No affidavits, depositions 1 or other supporting documents were filed in *857 the trial court or appear to have been submitted to the trial judge, and the motion for summary judgment was directed solely to the plaintiff’s trial pleading (First Amended Original Petition). Such motion challenged the sufficiency of plaintiff’s petition to raise genuine issues of material facts which would constitute a cause of action against defendant Perez. For the purposes of the motion, the factual allegations of the petition were admitted, and the defendant in effect said that assuming such allegations to be true, the plaintiff failed as a matter of law to state a cause of action against him. The operation of a motion for summary judgment on the pleadings is closely analogous to a special exception challenging the sufficiency of the opponent’s pleadings as a matter of law. Labbe v. Carr, Tex.Civ.App., 369 S.W.2d 952, 954, wr. ref. n. r. e; Hatten v. Mohr Chevrolet Company, Tex.Civ.App., 366 S.W.2d 945, n. w. h.; Simpson v. City of Abilene, Tex.Civ.App., 388 S.W.2d 760, wr. ref. n. r. e.; General Plywood Corporation v. Collins, Tex.Civ.App., 414 S.W.2d 224, n. w. h.; Summary Judgments by Roy W. McDonald, 30 Tex.Law Rev. 285, 297. All doubts as to the existence of a genuine issue of material facts are to be resolved against movant. Gaddis v. Smith, Tex.Sup.Ct., 417 S.W.2d 577, 582. The petition to which the motion is directed is to be construed most liberally in favor of the pleader, and the said petition is entitled to the benefit of every reasonable inference which can be properly drawn in its favor. General Plywood Corporation v. Collins, supra.

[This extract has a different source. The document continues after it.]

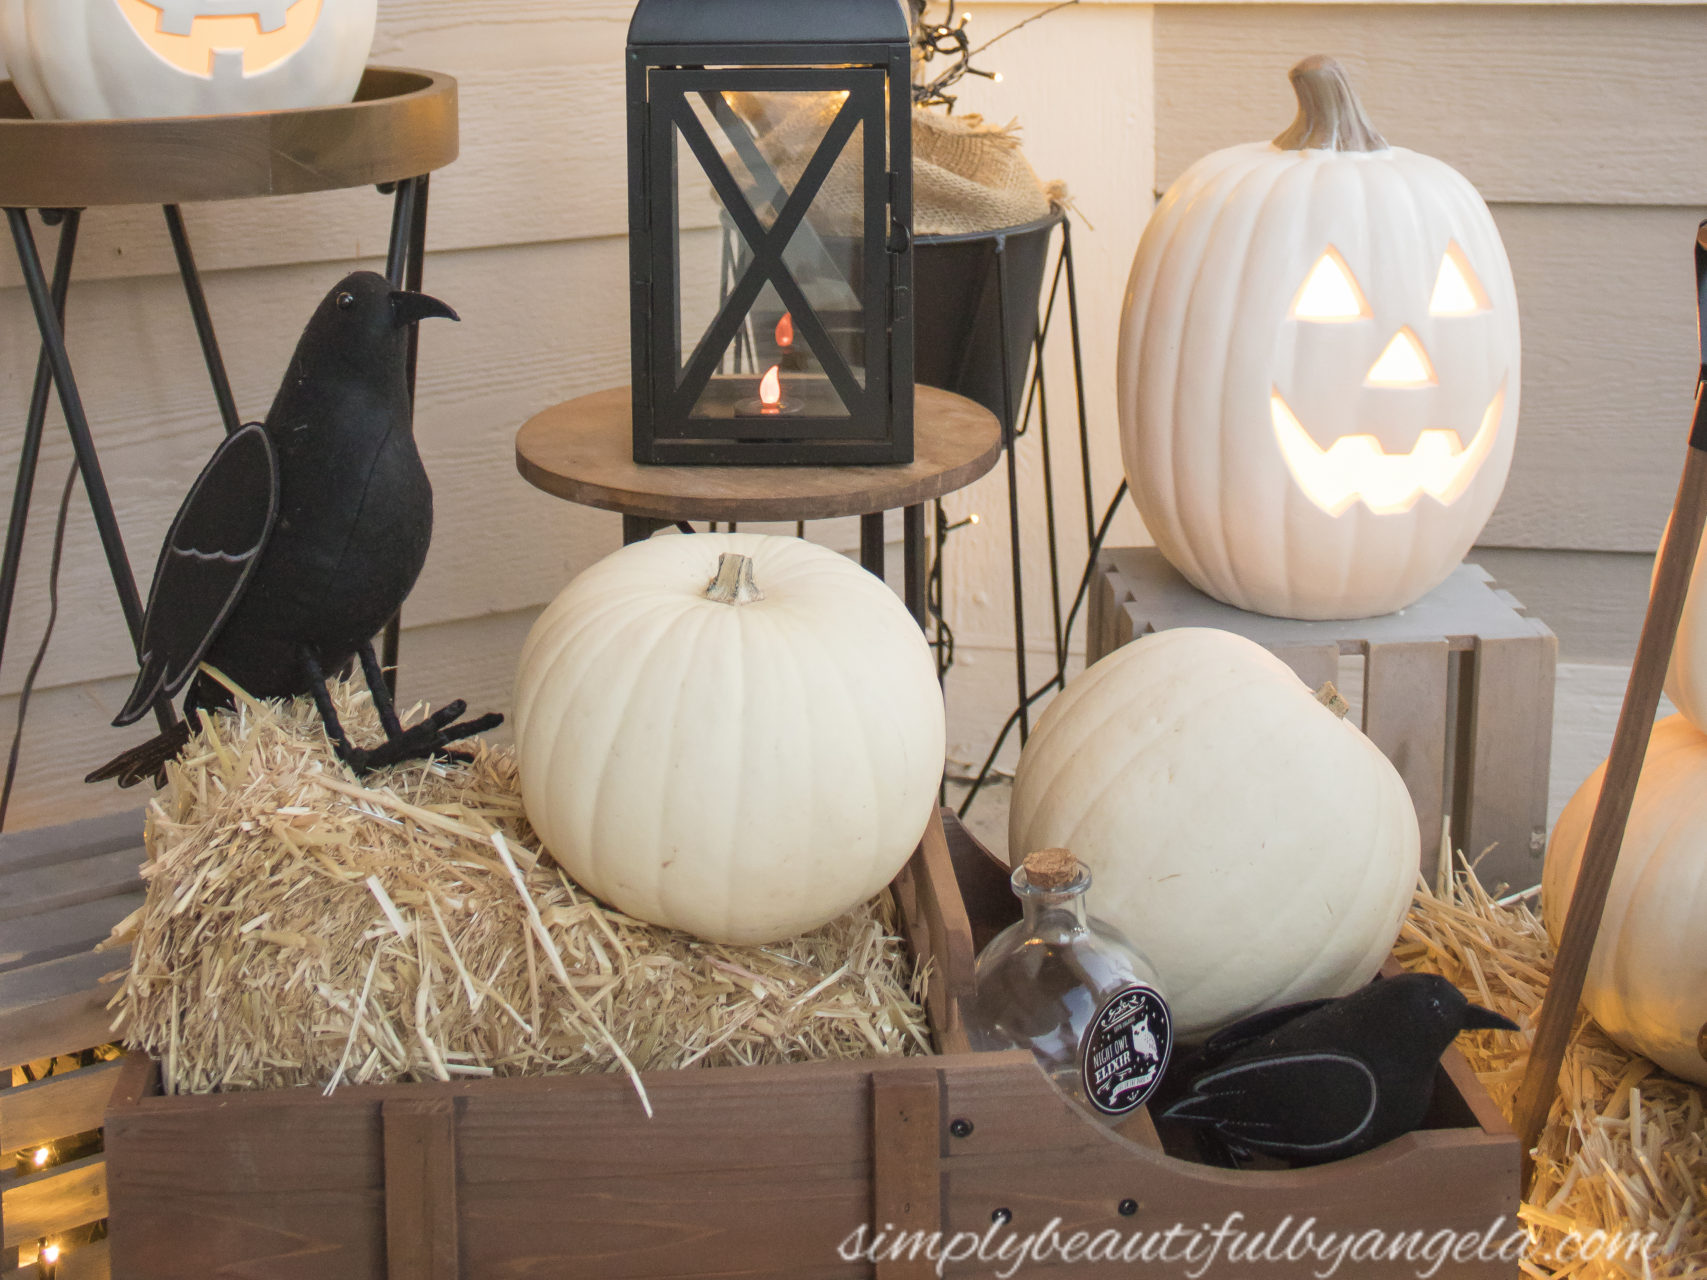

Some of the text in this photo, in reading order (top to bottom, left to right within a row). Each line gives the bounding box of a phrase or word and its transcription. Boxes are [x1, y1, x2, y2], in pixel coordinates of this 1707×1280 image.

[1093, 1035, 1129, 1069] NIGHT OWL
[1094, 1050, 1131, 1085] ELIXIR
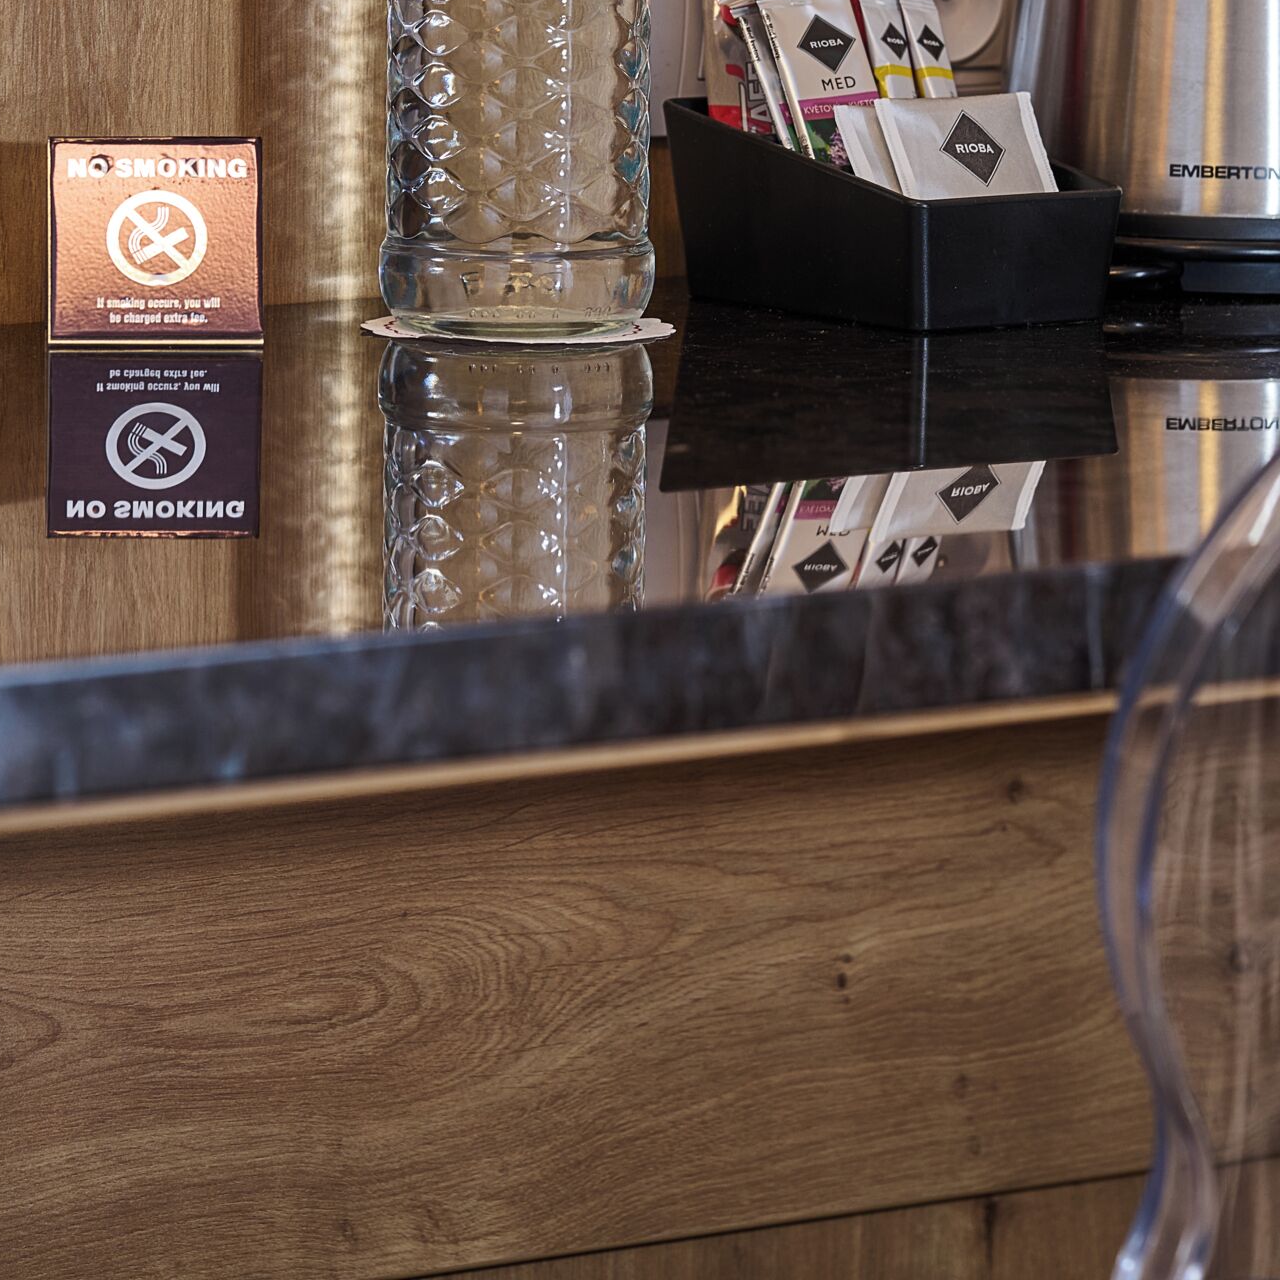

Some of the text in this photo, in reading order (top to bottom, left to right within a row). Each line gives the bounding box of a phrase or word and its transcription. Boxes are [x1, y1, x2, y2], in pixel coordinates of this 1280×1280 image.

The allegations contained in plaintiff’s petition on which he relies for his cause of action against Perez are substantially as follows: Defendant Perez, on October 12, 1966, was in the business of operating an ice cream truck along the streets for the purpose of selling items of ice cream to customers, primarily children. The truck was brightly colored, decorated to attract, with bells ringing and lights flashing, being designed to entice children to it. About 5:30 P.M. defendant parked his truck at or near 4206 Shaw Street (city not named) and “accomplished his purpose of attracting the Plaintiff’s daughter out into and across Shaw Street to patronize his attractive nuisance, the ice cream truck.” The child was attracted across Shaw Street to the ice cream truck to purchase ice cream for herself and her smaller brother. Upon being advised by defendant that she did not have enough money, she started back across Shaw Street, apparently to secure more money, and in doing so she was struck down and killed by a dump truck. Plaintiff alleged that the death of the child was proximately caused by negligence of defendant Perez in failing (1) to provide warning devices to approaching drivers of motor vehicles; (2) to provide sufficient warning devices to approaching drivers of motor vehicles; (3) to provide any protection for children patronizing his ice cream truck; (4) to provide any protection for children approaching or departing his ice cream truck; (5) to keep a proper lookout for the children of tender years coming to and departing from his ice cream truck. Plaintiff also alleged that defendant operated his ice cream truck in such a manner as to create a dangerous situation to children attracted to it, and that it was an attractive nuisance, and that such operation was a proximate cause of the death.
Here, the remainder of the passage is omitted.